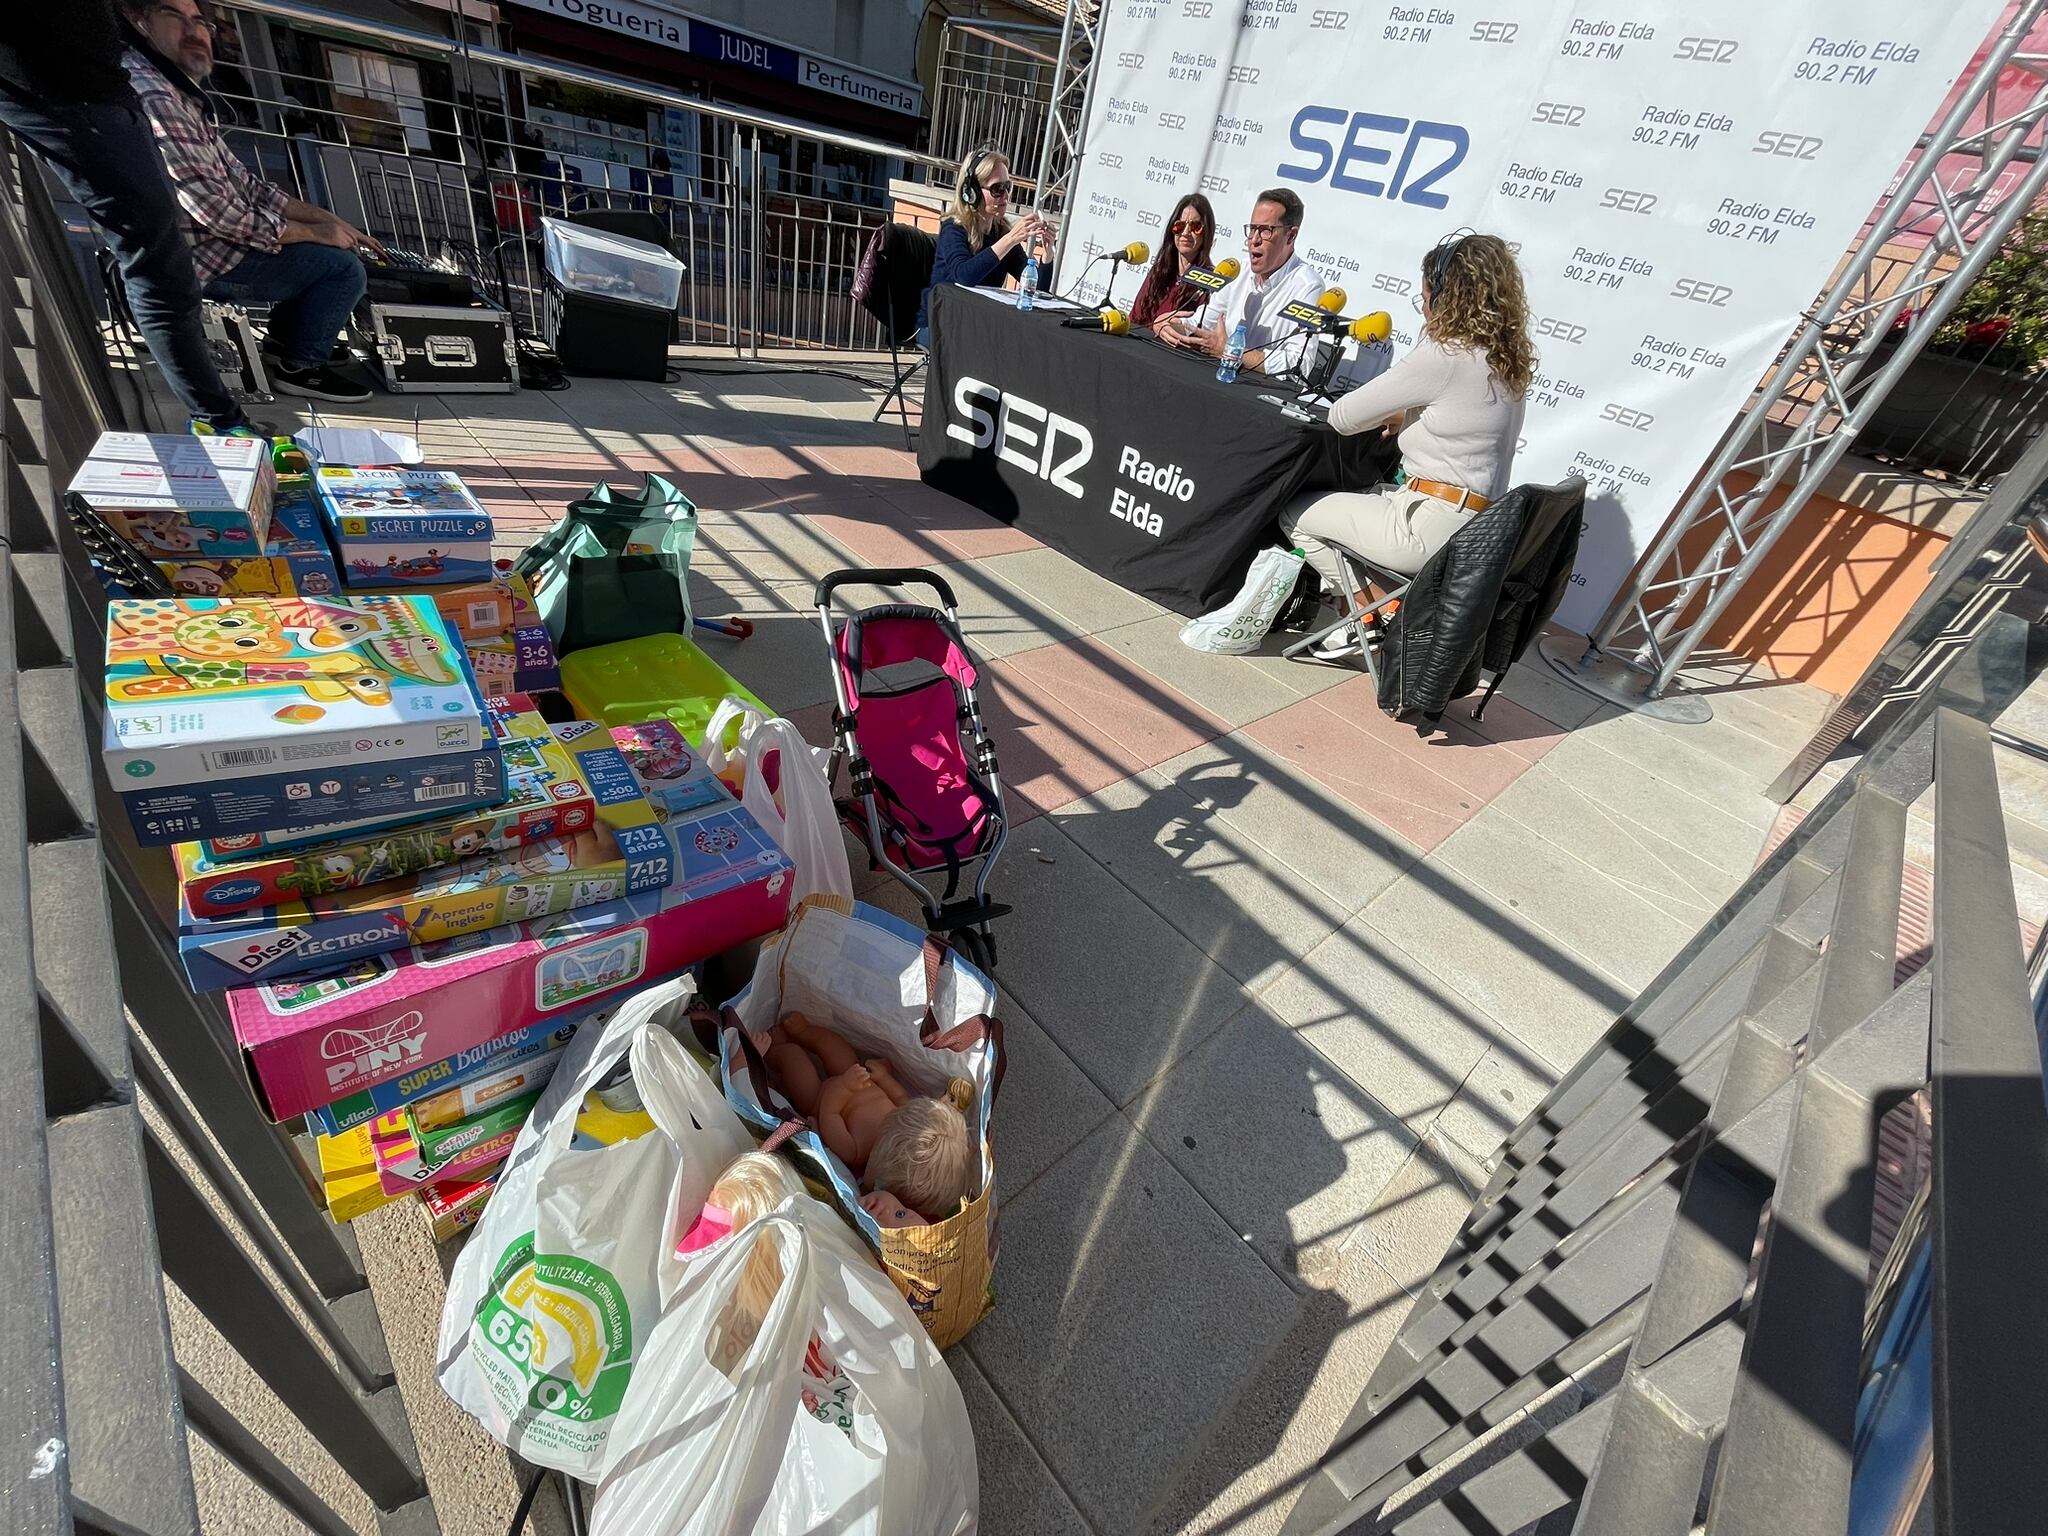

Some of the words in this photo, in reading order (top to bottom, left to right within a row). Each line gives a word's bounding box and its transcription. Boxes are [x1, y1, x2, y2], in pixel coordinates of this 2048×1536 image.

[549, 0, 680, 43] ogueria
[1182, 2, 1213, 19] SER
[1310, 10, 1348, 30] SER
[1389, 7, 1424, 22] Radio
[1427, 9, 1455, 25] Elda
[1242, 15, 1262, 28] 90.2
[1263, 17, 1280, 30] FM
[1469, 21, 1518, 43] SER
[1570, 19, 1615, 37] Radio
[1618, 22, 1655, 40] Elda
[1383, 26, 1408, 41] 90.2
[1410, 28, 1431, 43] FM
[1117, 52, 1144, 70] SER
[1172, 52, 1195, 66] Radio
[1197, 55, 1217, 68] Elda
[1561, 40, 1595, 58] 90.2
[1596, 42, 1624, 60] FM
[1673, 37, 1739, 64] SER
[1807, 37, 1867, 58] Radio
[1871, 42, 1920, 63] Elda
[720, 34, 772, 70] JUDEL
[806, 60, 913, 110] Perfumeria
[1169, 67, 1185, 80] 90.2
[1187, 70, 1201, 82] FM
[1228, 66, 1260, 85] SER
[1794, 61, 1839, 82] 90.2
[1840, 66, 1877, 85] FM
[1109, 98, 1130, 111] Radio
[1132, 102, 1148, 114] Elda
[1532, 102, 1586, 127] SER
[1107, 112, 1122, 123] 90.2
[1123, 115, 1135, 126] FM
[1158, 112, 1185, 130] SER
[1216, 115, 1241, 130] Radio
[1243, 121, 1263, 134] Elda
[1642, 105, 1690, 126] Radio
[1694, 112, 1734, 133] Elda
[1212, 130, 1230, 144] 90.2
[1232, 134, 1248, 146] FM
[1632, 127, 1668, 145] 90.2
[1670, 132, 1700, 150] FM
[1752, 131, 1823, 160] SER
[1149, 157, 1170, 171] Radio
[1172, 161, 1189, 175] Elda
[1277, 104, 1470, 211] SER
[1146, 170, 1161, 183] 90.2
[1163, 174, 1176, 186] FM
[1200, 175, 1229, 193] SER
[1508, 163, 1548, 182] Radio
[1551, 170, 1583, 188] Elda
[1500, 181, 1530, 198] 90.2
[1531, 187, 1556, 203] FM
[1600, 188, 1658, 214] SER
[1718, 198, 1770, 221] Radio
[1773, 208, 1816, 229] Elda
[1707, 219, 1745, 238] 90.2
[1747, 226, 1780, 244] FM
[1307, 249, 1336, 266] Radio
[1337, 257, 1360, 272] Elda
[1572, 247, 1615, 268] Radio
[1618, 256, 1653, 276] Elda
[1184, 270, 1225, 289] SER
[1324, 268, 1341, 282] FM
[1371, 273, 1411, 297] SER
[1563, 265, 1595, 283] 90.2
[1597, 271, 1624, 289] FM
[1670, 278, 1733, 307] SER
[1536, 318, 1587, 344] SER
[1640, 335, 1687, 357] Radio
[1690, 348, 1727, 368] Elda
[1631, 353, 1665, 371] 90.2
[1667, 361, 1695, 379] FM
[1532, 374, 1551, 388] dio
[1554, 380, 1585, 399] Elda
[1536, 393, 1559, 408] FM
[1600, 403, 1654, 432] SER
[946, 376, 1094, 499] SER
[357, 471, 401, 479] SECRET
[408, 471, 450, 480] PUZZLE
[1118, 446, 1195, 502] Radio
[1574, 451, 1615, 473] Radio
[1618, 466, 1650, 486] Elda
[1598, 478, 1623, 493] FM
[1109, 488, 1163, 538] Elda
[372, 521, 415, 533] SECRET
[421, 520, 463, 532] PUZZLE
[560, 720, 596, 740] Diset
[590, 772, 605, 780] 18
[627, 840, 666, 854] años
[212, 883, 260, 900] Disney
[630, 874, 667, 890] años
[431, 901, 494, 922] Aprendo
[446, 913, 485, 929] Ingles
[238, 929, 303, 968] Diset
[296, 924, 400, 957] LECTRON
[325, 1032, 427, 1086] PINY
[330, 1075, 370, 1093] INSTITUTE
[372, 1068, 382, 1078] OF
[384, 1061, 401, 1074] NEW
[404, 1054, 423, 1066] YORK
[397, 1060, 452, 1096] SUPER
[337, 1106, 376, 1128] vilac
[436, 1126, 482, 1152] CREATIVE
[535, 1263, 593, 1287] UTILITZABLE
[489, 1309, 533, 1363] 65
[472, 1339, 498, 1372] RECYCLED
[497, 1369, 522, 1403] MATERIAL
[558, 1426, 607, 1441] RECICLADO
[560, 1437, 599, 1452] RECICLAT
----
● **WHAT THE TASK REQUIRES**
Copy every line above word for word and exclude the pictures.

● **YOUR SOLUTION**
Some of the words in this photo, in reading order (top to bottom, left to right within a row). Each line gives a word's bounding box and its transcription. Boxes are [x1, y1, x2, y2], in pixel coordinates of this 2048×1536 image.

[549, 0, 680, 43] ogueria
[1182, 2, 1213, 19] SER
[1310, 10, 1348, 30] SER
[1389, 7, 1424, 22] Radio
[1427, 9, 1455, 25] Elda
[1242, 15, 1262, 28] 90.2
[1263, 17, 1280, 30] FM
[1469, 21, 1518, 43] SER
[1570, 19, 1615, 37] Radio
[1618, 22, 1655, 40] Elda
[1383, 26, 1408, 41] 90.2
[1410, 28, 1431, 43] FM
[1117, 52, 1144, 70] SER
[1172, 52, 1195, 66] Radio
[1197, 55, 1217, 68] Elda
[1561, 40, 1595, 58] 90.2
[1596, 42, 1624, 60] FM
[1673, 37, 1739, 64] SER
[1807, 37, 1867, 58] Radio
[1871, 42, 1920, 63] Elda
[720, 34, 772, 70] JUDEL
[806, 60, 913, 110] Perfumeria
[1169, 67, 1185, 80] 90.2
[1187, 70, 1201, 82] FM
[1228, 66, 1260, 85] SER
[1794, 61, 1839, 82] 90.2
[1840, 66, 1877, 85] FM
[1109, 98, 1130, 111] Radio
[1132, 102, 1148, 114] Elda
[1532, 102, 1586, 127] SER
[1107, 112, 1122, 123] 90.2
[1123, 115, 1135, 126] FM
[1158, 112, 1185, 130] SER
[1216, 115, 1241, 130] Radio
[1243, 121, 1263, 134] Elda
[1642, 105, 1690, 126] Radio
[1694, 112, 1734, 133] Elda
[1212, 130, 1230, 144] 90.2
[1232, 134, 1248, 146] FM
[1632, 127, 1668, 145] 90.2
[1670, 132, 1700, 150] FM
[1752, 131, 1823, 160] SER
[1149, 157, 1170, 171] Radio
[1172, 161, 1189, 175] Elda
[1277, 104, 1470, 211] SER
[1146, 170, 1161, 183] 90.2
[1163, 174, 1176, 186] FM
[1200, 175, 1229, 193] SER
[1508, 163, 1548, 182] Radio
[1551, 170, 1583, 188] Elda
[1500, 181, 1530, 198] 90.2
[1531, 187, 1556, 203] FM
[1600, 188, 1658, 214] SER
[1718, 198, 1770, 221] Radio
[1773, 208, 1816, 229] Elda
[1707, 219, 1745, 238] 90.2
[1747, 226, 1780, 244] FM
[1307, 249, 1336, 266] Radio
[1337, 257, 1360, 272] Elda
[1572, 247, 1615, 268] Radio
[1618, 256, 1653, 276] Elda
[1184, 270, 1225, 289] SER
[1324, 268, 1341, 282] FM
[1371, 273, 1411, 297] SER
[1563, 265, 1595, 283] 90.2
[1597, 271, 1624, 289] FM
[1670, 278, 1733, 307] SER
[1536, 318, 1587, 344] SER
[1640, 335, 1687, 357] Radio
[1690, 348, 1727, 368] Elda
[1631, 353, 1665, 371] 90.2
[1667, 361, 1695, 379] FM
[1532, 374, 1551, 388] dio
[1554, 380, 1585, 399] Elda
[1536, 393, 1559, 408] FM
[1600, 403, 1654, 432] SER
[946, 376, 1094, 499] SER
[357, 471, 401, 479] SECRET
[408, 471, 450, 480] PUZZLE
[1118, 446, 1195, 502] Radio
[1574, 451, 1615, 473] Radio
[1618, 466, 1650, 486] Elda
[1598, 478, 1623, 493] FM
[1109, 488, 1163, 538] Elda
[372, 521, 415, 533] SECRET
[421, 520, 463, 532] PUZZLE
[560, 720, 596, 740] Diset
[590, 772, 605, 780] 18
[627, 840, 666, 854] años
[212, 883, 260, 900] Disney
[630, 874, 667, 890] años
[431, 901, 494, 922] Aprendo
[446, 913, 485, 929] Ingles
[238, 929, 303, 968] Diset
[296, 924, 400, 957] LECTRON
[325, 1032, 427, 1086] PINY
[330, 1075, 370, 1093] INSTITUTE
[372, 1068, 382, 1078] OF
[384, 1061, 401, 1074] NEW
[404, 1054, 423, 1066] YORK
[397, 1060, 452, 1096] SUPER
[337, 1106, 376, 1128] vilac
[436, 1126, 482, 1152] CREATIVE
[535, 1263, 593, 1287] UTILITZABLE
[489, 1309, 533, 1363] 65
[472, 1339, 498, 1372] RECYCLED
[497, 1369, 522, 1403] MATERIAL
[558, 1426, 607, 1441] RECICLADO
[560, 1437, 599, 1452] RECICLAT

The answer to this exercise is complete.